200406342/1.
Datum uitspraak: 27 juli 2005
AFDELING
BESTUURSRECHTSPRAAK
Uitspraak in het geding tussen:
[appellanten], wonend te [woonplaats],
de Minister van Volkshuisvesting, Ruimtelijke Ordening en Milieubeheer,
verweerder.
Bij besluit van 8 december 2003 heeft verweerder de aanvraag van appellanten om een energiepremie afgewezen.
Bij besluit van 25 juni 2004 heeft verweerder het hiertegen gemaakte bezwaar ongegrond verklaard.
Tegen dit besluit hebben appellanten bij brief, bij de Raad van State ingekomen op 29 juli 2004, beroep ingesteld. De gronden zijn aangevuld bij brief van 26 augustus 2004.

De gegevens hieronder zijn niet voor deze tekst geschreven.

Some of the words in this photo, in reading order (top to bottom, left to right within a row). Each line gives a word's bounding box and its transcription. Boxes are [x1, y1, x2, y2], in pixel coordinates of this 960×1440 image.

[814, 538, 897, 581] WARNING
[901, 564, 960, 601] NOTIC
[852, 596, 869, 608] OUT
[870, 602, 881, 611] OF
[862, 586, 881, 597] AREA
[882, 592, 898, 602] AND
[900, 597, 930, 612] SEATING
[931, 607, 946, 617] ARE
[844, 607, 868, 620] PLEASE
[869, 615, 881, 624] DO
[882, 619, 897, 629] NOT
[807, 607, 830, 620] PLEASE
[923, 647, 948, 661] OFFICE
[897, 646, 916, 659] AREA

Bij brief van 22 november 2004 heeft verweerder een verweerschrift ingediend.
De zaak is door een meervoudige kamer van de Afdeling verwezen naar een enkelvoudige.
De Afdeling heeft de zaak ter zitting behandeld op 19 mei 2005, waar verweerder, vertegenwoordigd door mr. M.J. Achterberg en mr. M. de Jonge, ambtenaren ten departemente, is verschenen. Appellanten zijn met kennisgeving niet verschenen.

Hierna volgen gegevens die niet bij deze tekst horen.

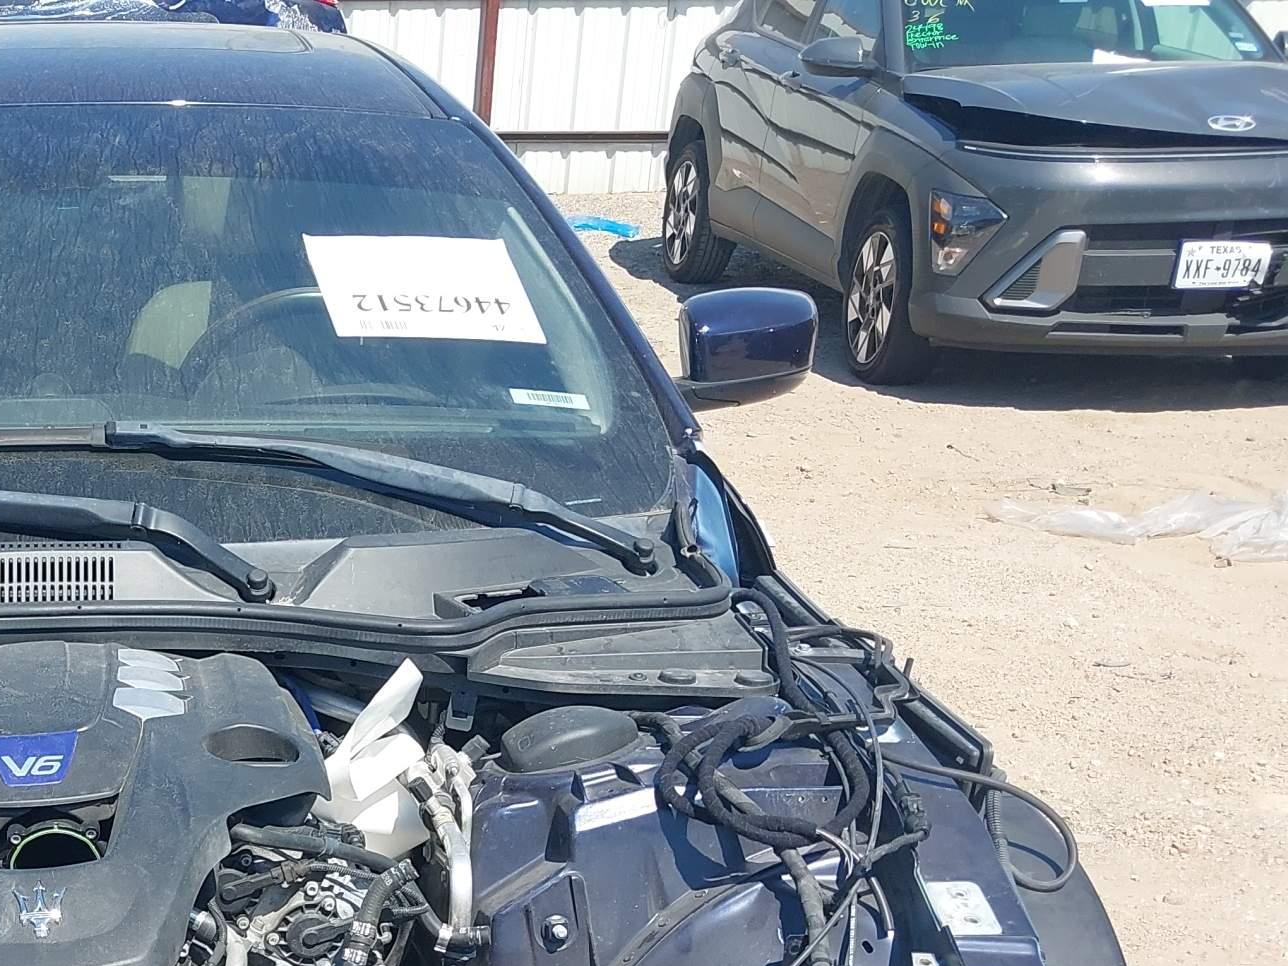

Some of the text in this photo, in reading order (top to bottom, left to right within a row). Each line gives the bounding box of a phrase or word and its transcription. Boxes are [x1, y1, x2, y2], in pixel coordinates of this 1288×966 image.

[1210, 245, 1242, 254] TEXAS
[351, 293, 512, 315] 44673512
[0, 754, 64, 777] V6

2.1. Ingevolge artikel 15.13, eerste lid, van de Wet milieubeheer (hierna: de Wm) kan verweerder voor bij of krachtens algemene maatregel van bestuur of bij ministeriële regeling aangewezen activiteiten op het gebied van het milieubeheer subsidie verstrekken.
2.2. Op basis van artikel 15.13, eerste lid, van de Wm is vastgesteld de Tijdelijke regeling energiepremies 2003 (Stcrt. 2002, nr. 248; hierna: de Tre).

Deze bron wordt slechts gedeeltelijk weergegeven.